**Your instructions:**
Would you transcribe each entry precisely as it stands, setting aside any images?

• • • • •

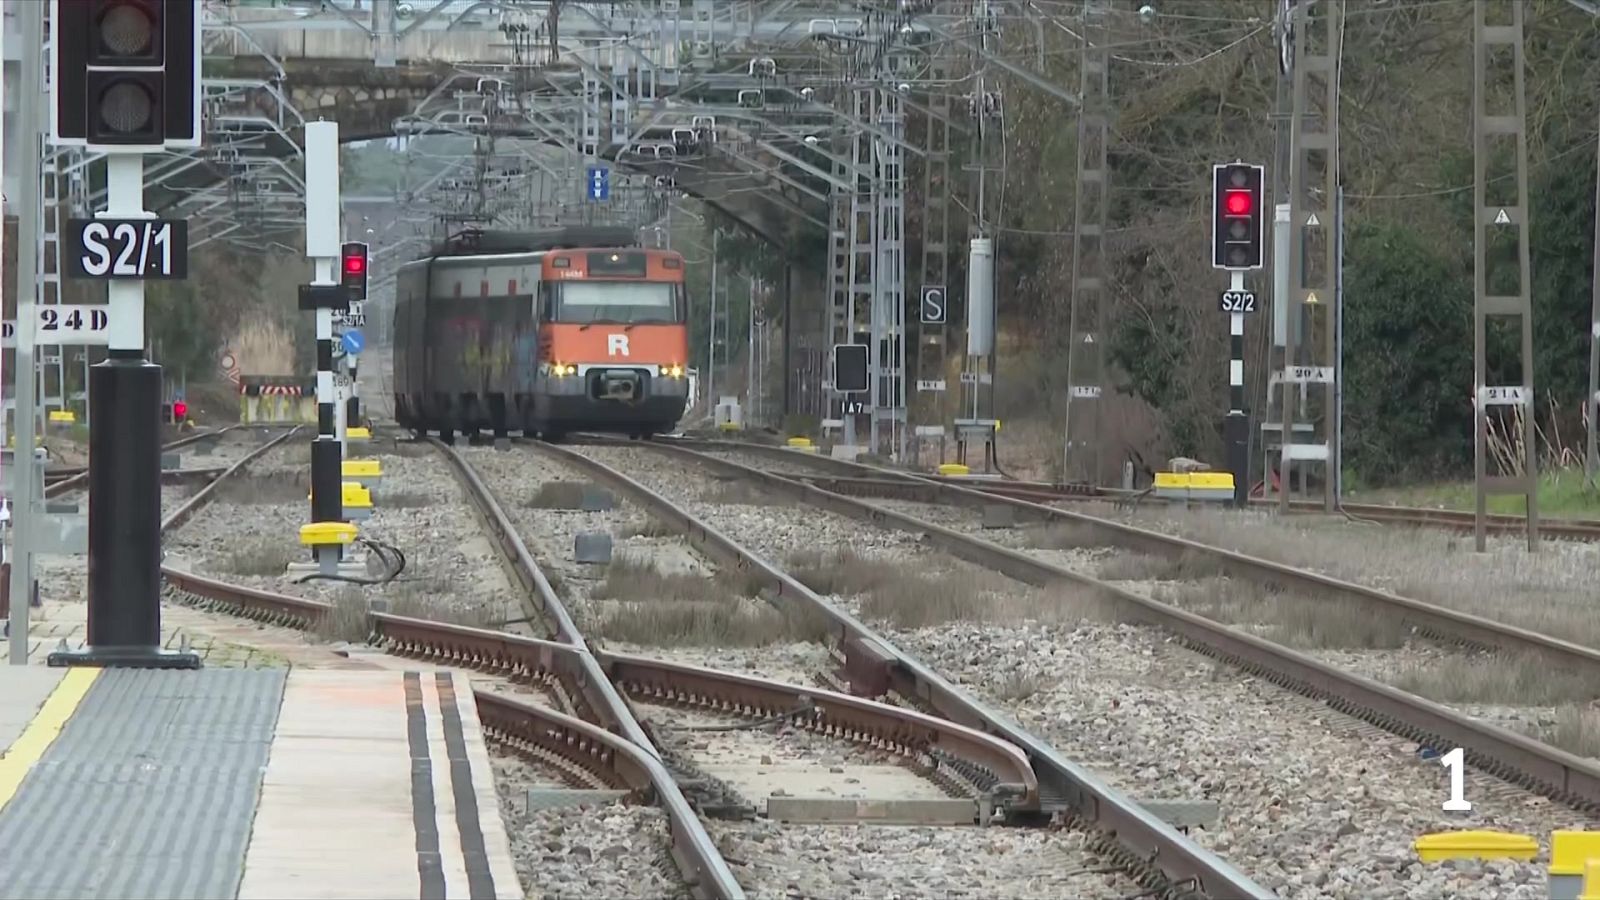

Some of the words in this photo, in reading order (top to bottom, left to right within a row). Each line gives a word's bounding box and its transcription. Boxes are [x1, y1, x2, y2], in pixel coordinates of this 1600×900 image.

[82, 222, 171, 276] S2/1
[925, 289, 942, 320] S
[1222, 293, 1254, 312] S2/2
[608, 334, 630, 356] R
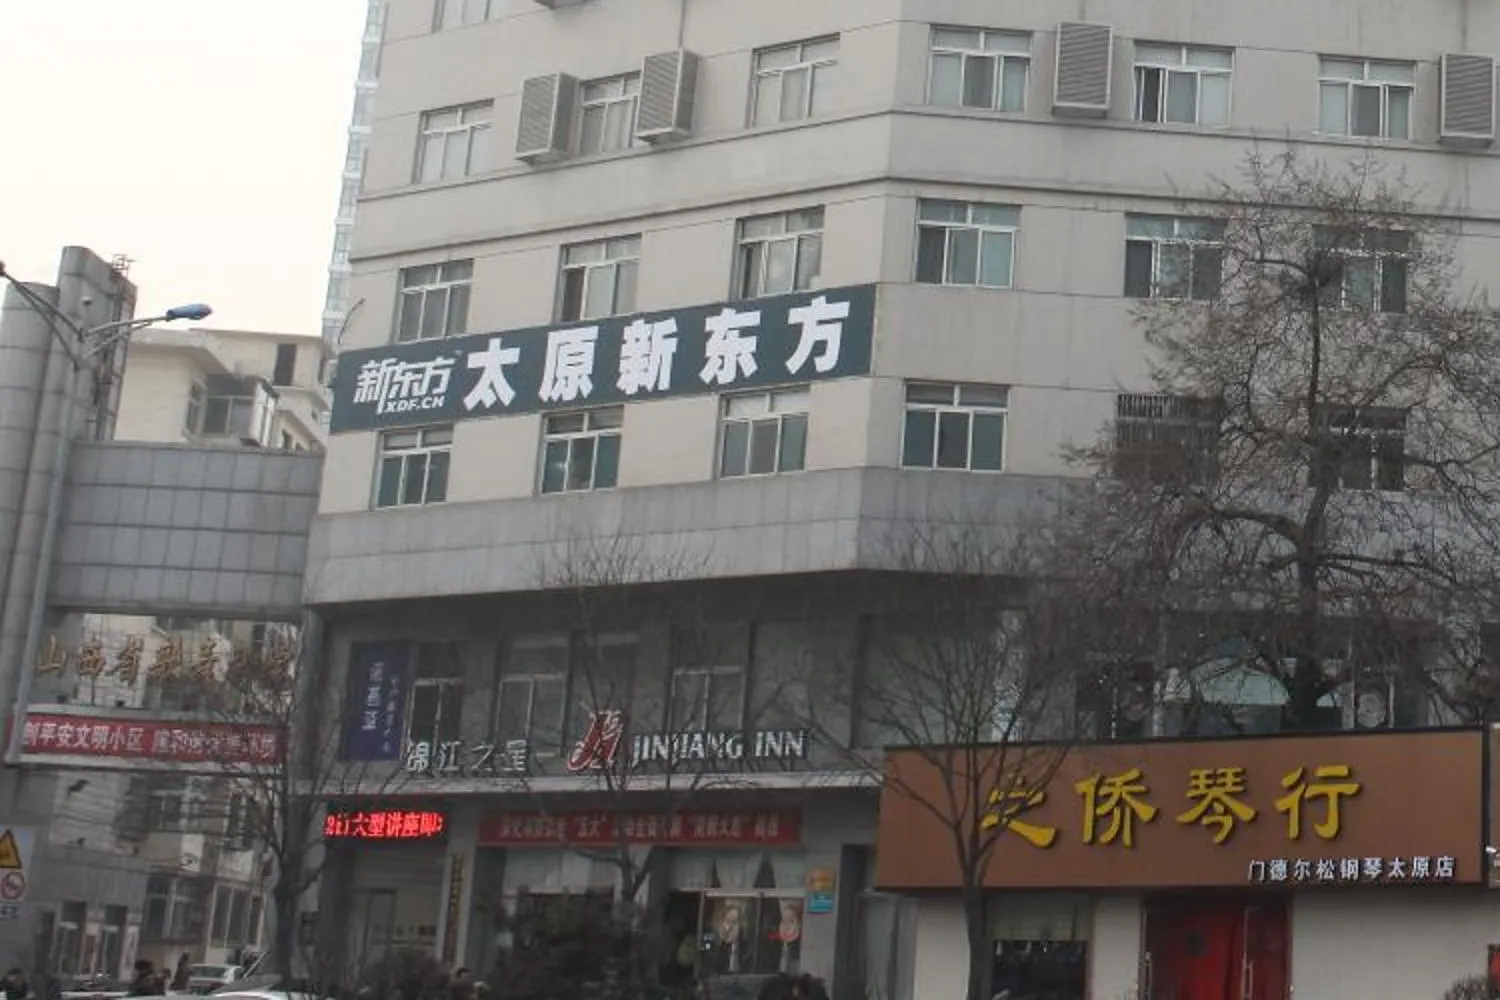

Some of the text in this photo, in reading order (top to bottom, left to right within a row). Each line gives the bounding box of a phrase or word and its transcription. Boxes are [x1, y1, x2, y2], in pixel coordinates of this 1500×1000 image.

[463, 296, 850, 411] 太原新东方
[353, 356, 456, 415] 新东方
[384, 395, 445, 413] XDF.CN
[632, 730, 804, 767] JINJIANG INN
[1248, 856, 1455, 881] 门德尔松钢琴太原店

• • • • •

**Finished task:**
Some of the words in this photo, in reading order (top to bottom, left to right within a row). Each line gives a word's bounding box and its transcription. Boxes are [x1, y1, x2, y2], in pixel coordinates of this 1600×900 image.

[82, 222, 171, 276] S2/1
[925, 289, 942, 320] S
[1222, 293, 1254, 312] S2/2
[608, 334, 630, 356] R

Some of the text in this photo, in reading order (top to bottom, left to right within a row). Each line gives the bounding box of a phrase or word and its transcription. Boxes are [x1, y1, x2, y2], in pixel coordinates of this 1500×1000 image.

[463, 296, 850, 411] 太原新东方
[353, 356, 456, 415] 新东方
[384, 395, 445, 413] XDF.CN
[632, 730, 804, 767] JINJIANG INN
[1248, 856, 1455, 881] 门德尔松钢琴太原店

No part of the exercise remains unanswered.